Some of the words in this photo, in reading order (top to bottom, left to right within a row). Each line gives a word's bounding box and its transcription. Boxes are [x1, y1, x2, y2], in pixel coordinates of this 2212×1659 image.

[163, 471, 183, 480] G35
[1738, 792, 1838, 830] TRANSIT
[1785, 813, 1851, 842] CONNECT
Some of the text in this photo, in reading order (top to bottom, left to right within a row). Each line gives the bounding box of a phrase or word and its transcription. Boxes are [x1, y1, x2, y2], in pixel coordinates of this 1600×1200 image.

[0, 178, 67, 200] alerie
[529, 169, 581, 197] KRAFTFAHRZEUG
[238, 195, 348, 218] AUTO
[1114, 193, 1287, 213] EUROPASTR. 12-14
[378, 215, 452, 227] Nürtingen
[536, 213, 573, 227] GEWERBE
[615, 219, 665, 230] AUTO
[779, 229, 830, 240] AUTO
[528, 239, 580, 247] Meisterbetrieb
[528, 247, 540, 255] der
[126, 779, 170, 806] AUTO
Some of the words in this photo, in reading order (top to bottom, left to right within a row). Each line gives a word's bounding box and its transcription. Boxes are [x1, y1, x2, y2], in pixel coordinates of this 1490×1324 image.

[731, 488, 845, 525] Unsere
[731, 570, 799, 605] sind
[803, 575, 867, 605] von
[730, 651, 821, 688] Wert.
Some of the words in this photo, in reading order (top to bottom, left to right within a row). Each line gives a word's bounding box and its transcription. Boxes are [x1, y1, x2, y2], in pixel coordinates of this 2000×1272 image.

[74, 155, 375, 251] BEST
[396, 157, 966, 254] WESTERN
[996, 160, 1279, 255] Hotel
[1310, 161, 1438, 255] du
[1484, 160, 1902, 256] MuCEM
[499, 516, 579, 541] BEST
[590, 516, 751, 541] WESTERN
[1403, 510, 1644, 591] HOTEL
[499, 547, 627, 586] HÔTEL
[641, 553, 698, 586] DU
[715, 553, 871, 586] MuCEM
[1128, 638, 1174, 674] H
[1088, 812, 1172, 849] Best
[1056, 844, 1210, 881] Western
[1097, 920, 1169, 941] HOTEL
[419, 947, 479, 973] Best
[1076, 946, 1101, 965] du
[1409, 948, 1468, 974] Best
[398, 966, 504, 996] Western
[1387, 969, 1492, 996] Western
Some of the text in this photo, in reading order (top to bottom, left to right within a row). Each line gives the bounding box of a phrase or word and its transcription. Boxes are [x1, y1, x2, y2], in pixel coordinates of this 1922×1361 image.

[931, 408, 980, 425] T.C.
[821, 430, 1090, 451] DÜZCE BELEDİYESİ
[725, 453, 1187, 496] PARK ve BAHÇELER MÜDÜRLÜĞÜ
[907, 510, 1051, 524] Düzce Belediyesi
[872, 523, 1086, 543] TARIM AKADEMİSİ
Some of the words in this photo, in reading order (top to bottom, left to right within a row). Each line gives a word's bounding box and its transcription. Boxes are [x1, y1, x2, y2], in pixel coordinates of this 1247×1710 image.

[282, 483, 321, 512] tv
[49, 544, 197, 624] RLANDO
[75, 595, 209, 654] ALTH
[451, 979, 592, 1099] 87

○ ○ ○ ○ ○

WHAT THE TASK ASKS -
Repeat the full set of records exactly.

SOLUTION TO THIS EXERCISE -
Some of the words in this photo, in reading order (top to bottom, left to right within a row). Each line gives a word's bounding box and its transcription. Boxes are [x1, y1, x2, y2], in pixel coordinates of this 2212×1659 image.

[163, 471, 183, 480] G35
[1738, 792, 1838, 830] TRANSIT
[1785, 813, 1851, 842] CONNECT
Some of the text in this photo, in reading order (top to bottom, left to right within a row). Each line gives the bounding box of a phrase or word and its transcription. Boxes are [x1, y1, x2, y2], in pixel coordinates of this 1600×1200 image.

[0, 178, 67, 200] alerie
[529, 169, 581, 197] KRAFTFAHRZEUG
[238, 195, 348, 218] AUTO
[1114, 193, 1287, 213] EUROPASTR. 12-14
[378, 215, 452, 227] Nürtingen
[536, 213, 573, 227] GEWERBE
[615, 219, 665, 230] AUTO
[779, 229, 830, 240] AUTO
[528, 239, 580, 247] Meisterbetrieb
[528, 247, 540, 255] der
[126, 779, 170, 806] AUTO
Some of the words in this photo, in reading order (top to bottom, left to right within a row). Each line gives a word's bounding box and its transcription. Boxes are [x1, y1, x2, y2], in pixel coordinates of this 1490×1324 image.

[731, 488, 845, 525] Unsere
[731, 570, 799, 605] sind
[803, 575, 867, 605] von
[730, 651, 821, 688] Wert.
Some of the words in this photo, in reading order (top to bottom, left to right within a row). Each line gives a word's bounding box and its transcription. Boxes are [x1, y1, x2, y2], in pixel coordinates of this 2000×1272 image.

[74, 155, 375, 251] BEST
[396, 157, 966, 254] WESTERN
[996, 160, 1279, 255] Hotel
[1310, 161, 1438, 255] du
[1484, 160, 1902, 256] MuCEM
[499, 516, 579, 541] BEST
[590, 516, 751, 541] WESTERN
[1403, 510, 1644, 591] HOTEL
[499, 547, 627, 586] HÔTEL
[641, 553, 698, 586] DU
[715, 553, 871, 586] MuCEM
[1128, 638, 1174, 674] H
[1088, 812, 1172, 849] Best
[1056, 844, 1210, 881] Western
[1097, 920, 1169, 941] HOTEL
[419, 947, 479, 973] Best
[1076, 946, 1101, 965] du
[1409, 948, 1468, 974] Best
[398, 966, 504, 996] Western
[1387, 969, 1492, 996] Western
Some of the text in this photo, in reading order (top to bottom, left to right within a row). Each line gives the bounding box of a phrase or word and its transcription. Boxes are [x1, y1, x2, y2], in pixel coordinates of this 1922×1361 image.

[931, 408, 980, 425] T.C.
[821, 430, 1090, 451] DÜZCE BELEDİYESİ
[725, 453, 1187, 496] PARK ve BAHÇELER MÜDÜRLÜĞÜ
[907, 510, 1051, 524] Düzce Belediyesi
[872, 523, 1086, 543] TARIM AKADEMİSİ
Some of the words in this photo, in reading order (top to bottom, left to right within a row). Each line gives a word's bounding box and its transcription. Boxes are [x1, y1, x2, y2], in pixel coordinates of this 1247×1710 image.

[282, 483, 321, 512] tv
[49, 544, 197, 624] RLANDO
[75, 595, 209, 654] ALTH
[451, 979, 592, 1099] 87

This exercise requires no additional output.